By: Brett Hill
The use of upland floodwater farming techniques by prehistoric farmers is frequently cited as an ingenious adaptation to agriculturally marginal, semi-arid environments. These techniques divert and retain water and soil in small hill-slope plots that overcome rainfall limitations by capturing runoff from a larger watershed in a concentrated area. Another, less frequently discussed, consequence of floodwater farming is its potential for exacerbating erosion and rendering agricultural plots less fertile. Indeed, many prehistoric check dams and other features were probably attempts to counteract the loss of soil in these already tenuous agricultural efforts. Floodwater techniques were effective in producing crops in otherwise non-arable locations, yet it was necessary to maintain a precarious balance between the benefits of floodwater farming and the potential for soil degradation. The frequent abandonment and relocation of prehistoric communities utilizing such techniques may, in fact, reflect a failure to maintain such a balance.
This project focuses on the prehistoric Salado communities of the Tonto Basin in central Arizona, where settled farming populations lived for over a thousand years until regional abandonment sometime in the 15th century. An abundance of upland archaeological remains indicate that floodwater farming on hill-slopes surrounding the basin was an important part of the Salado subsistence strategy. We are using the ArcView Geographic Information System (GIS) with data curated by the Archaeological Research Institute of Arizona State University to model floodwater farming and it’s potential contribution to erosion in the Tonto Basin. Using data on topography, soils, hydrology, precipitation, vegetation, and settlement locations we have created three basic models that can be interrelated for analysis.

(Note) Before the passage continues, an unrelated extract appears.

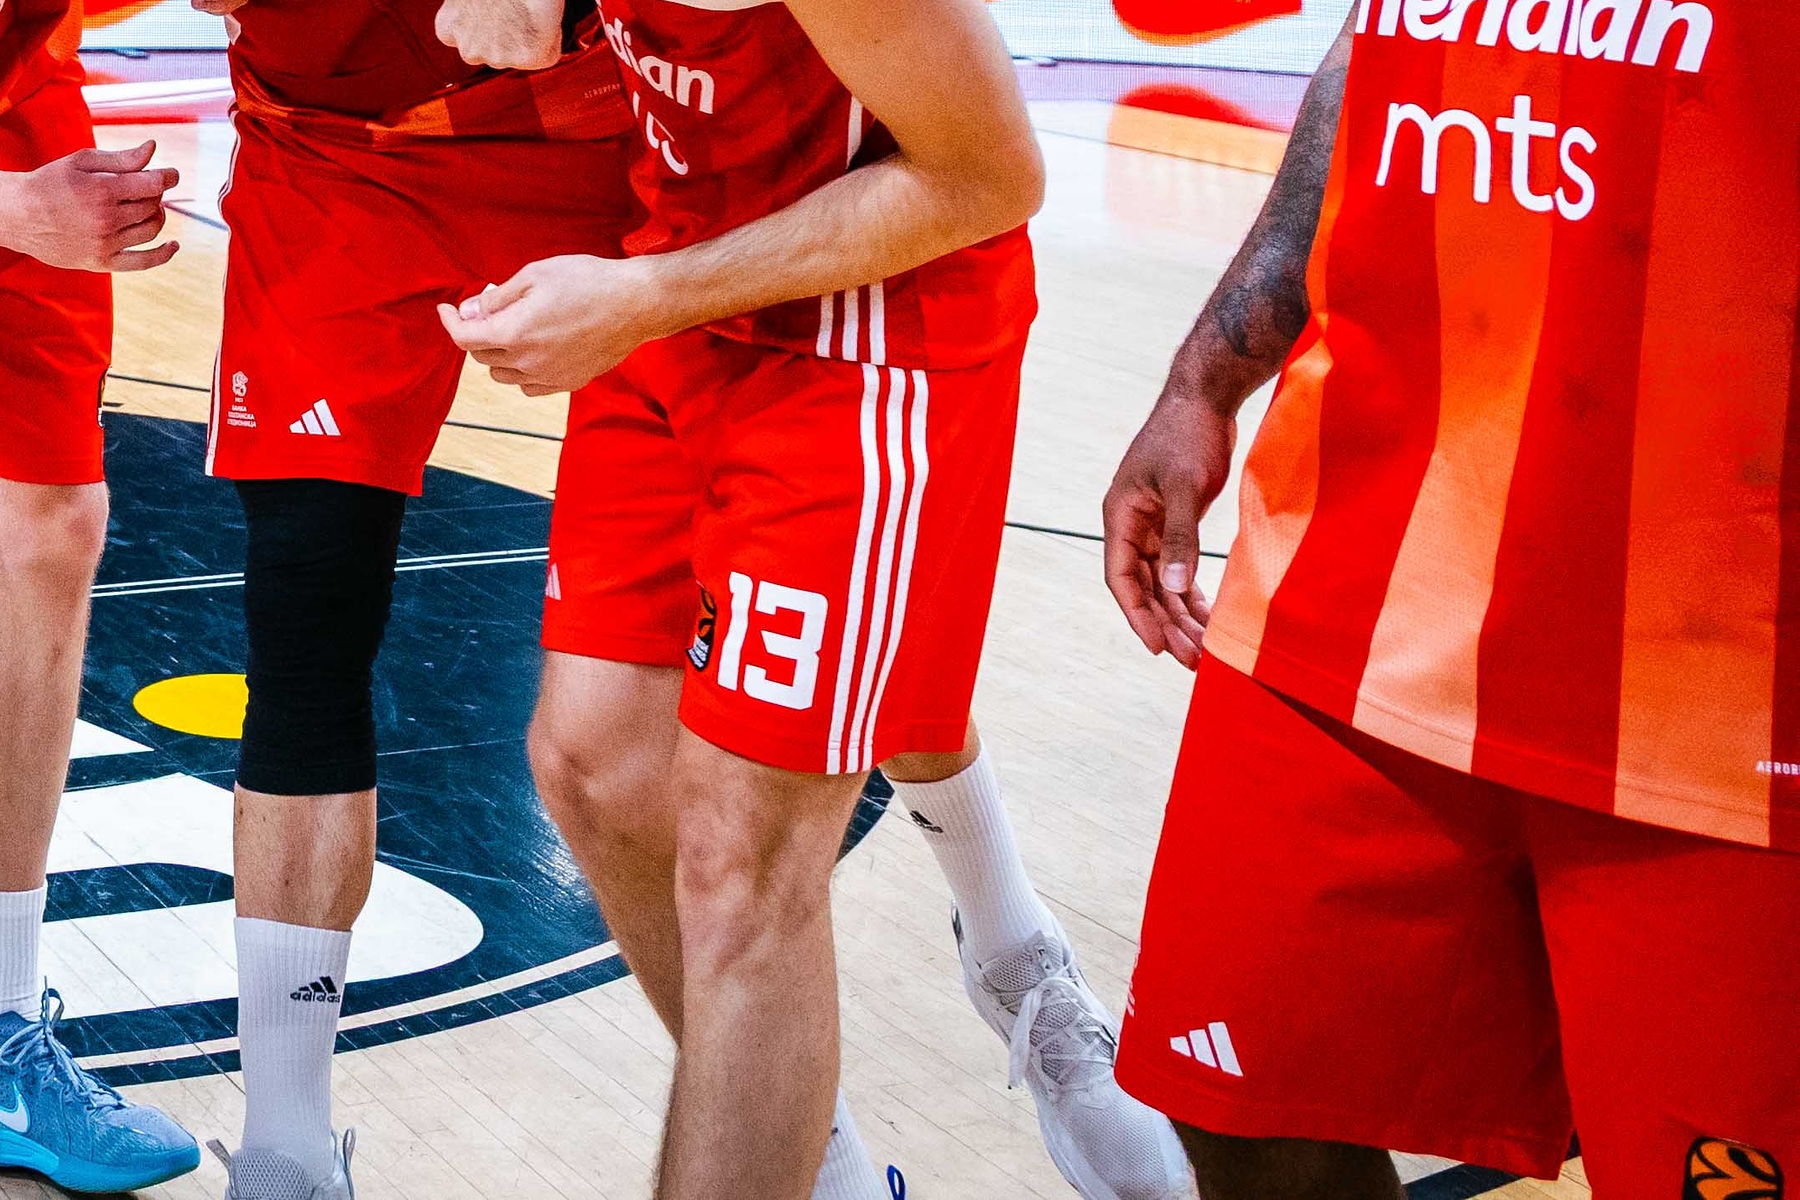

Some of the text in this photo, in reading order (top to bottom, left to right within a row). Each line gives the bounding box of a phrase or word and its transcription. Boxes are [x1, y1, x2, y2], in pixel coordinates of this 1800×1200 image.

First, we created a model of likely floodwater farming locations based on terrain. Ethnohistoric and archaeological records indicate that floodwater farming was typically practiced on slopes of from 3% - 10% and in watersheds ranging from 1 – 10 hectares. Thus, we have identified areas satisfying these topographic constraints as having been the most likely ancient floodwater field locations.
Second, we created a model of use intensity based on the locations of the largest known sites in the region. Assuming that landscape use intensity would be greatest near large sites and decrease with distance, we used a terrain factored cost surface, radiating out from sites with over 20 rooms, to a distance of 8 k, to assign a use intensity value ranging from 1 to 0 to surrounding catchments. Assuming furthermore that degradation would be cumulative, we additively overlayed use intensity values for catchments that were utilized through three periods, such that use intensity values range from 3 to 0.
Third, we created a model of potential erosion using the Universal Soil Loss Equation (USLE). Using known rainfall factors, soils and terrain data, and variable vegetation parameters we calculated the tons per acre, per year, of soil lost under various conditions. The GIS allows us to easily explore erosional consequences of changing vegetation and rainfall patterns, as they would affect upland farmers.
Research is continuing on this project along two fronts. One advantage to the use of GIS in the evaluation of ancient environmental degradation is that we can combine the data we have developed to create maps pinpointing locations for field analysis. We can easily identify locations that display a high potential for both ancient use and susceptibility to erosion for closer examination. In this way we improve the efficiency and precision of field research, and develop comparative data for areas displaying different potential in our models.
A second avenue of continuing research will be to further explore the integration of potential erosion and landscape use patterns. For example, we can evaluate how changing USLE parameters based on location specific changes in land use might affect soil loss, and hence agricultural productivity. Likewise, we can use hypothesized settlement location strategies in iterative simulations to develop a better understanding of the role of upland farming resources and their degradation in those strategies.